Nebivolol hydrochloride (NEB), a 3rd-generation beta-blocker, was recently explored in managing open-angle glaucoma due to its mechanism of action involving nitric oxide release for the vasodilation. To overcome the issue of low ocular bioavailability and the systemic side effects associated with conventional ocular formulation (aqueous suspension), we designed and optimized polycaprolactone polymeric nanoparticles (NEB-PNPs) by applying design of experiments (DoE).
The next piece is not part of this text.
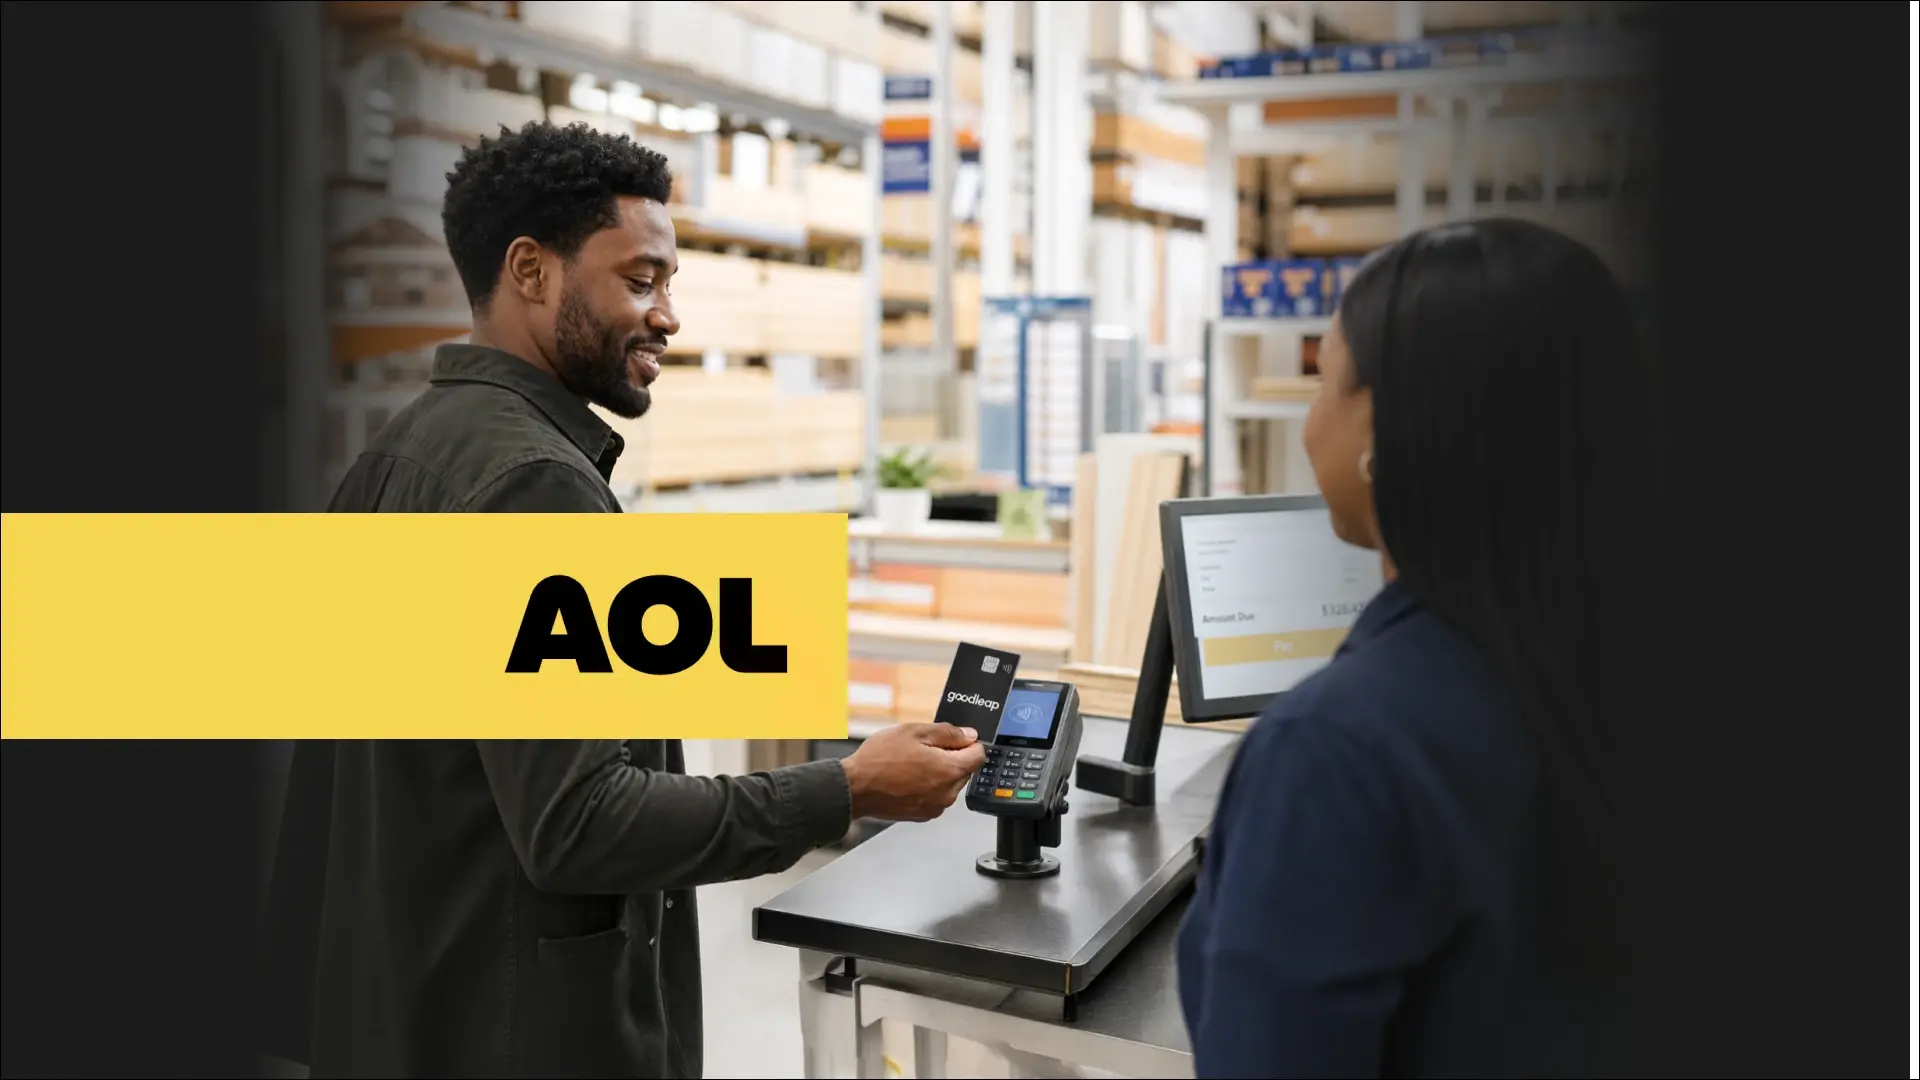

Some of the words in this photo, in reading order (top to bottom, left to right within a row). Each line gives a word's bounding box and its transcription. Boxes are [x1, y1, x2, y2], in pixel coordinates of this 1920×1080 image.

The particle size and drug loading of the optimized NEB-PNPs were 270.9 ± 6.3 nm and 28.8 ± 2.4%, respectively. The optimized NEB-PNPs were suspended in a dual-sensitive in situ gel prepared using a mixture of P407 + P188 (as a thermo-sensitive polymer) and κCRG (as an ion-sensitive polymer), reported previously by our group. The NEB-PNPs-loaded in situ gel (NEB-PNPs-ISG) formulation was characterized for its rheological behavior, physical and chemical stability, in vitro drug release, and in vivo efficacy. The NEB-PNPs-loaded in situ gel, in ocular pharmacokinetic studies, achieved higher aqueous humor exposure (AUC = 329.2 ng × h/mL) and for longer duration (mean residence time = 9.7 h) than compared to the aqueous suspension of plain NEB (AUC = 189 ng × h/mL and mean residence time = 6.1 h) reported from our previous work. The pharmacokinetic performance of NEB-PNPs-loaded in situ gel translated into a pharmacodynamic response with 5-fold increase in the overall percent reduction in intraocular pressure by the formulation compared to the aqueous suspension of plain NEB reported from our previous work. Further, the mean response time of NEB-PNPs-loaded in situ gel (12.4 ± 0.6 h) was three times higher than aqueous suspension of plain NEB (4.06 ± 0.3 h).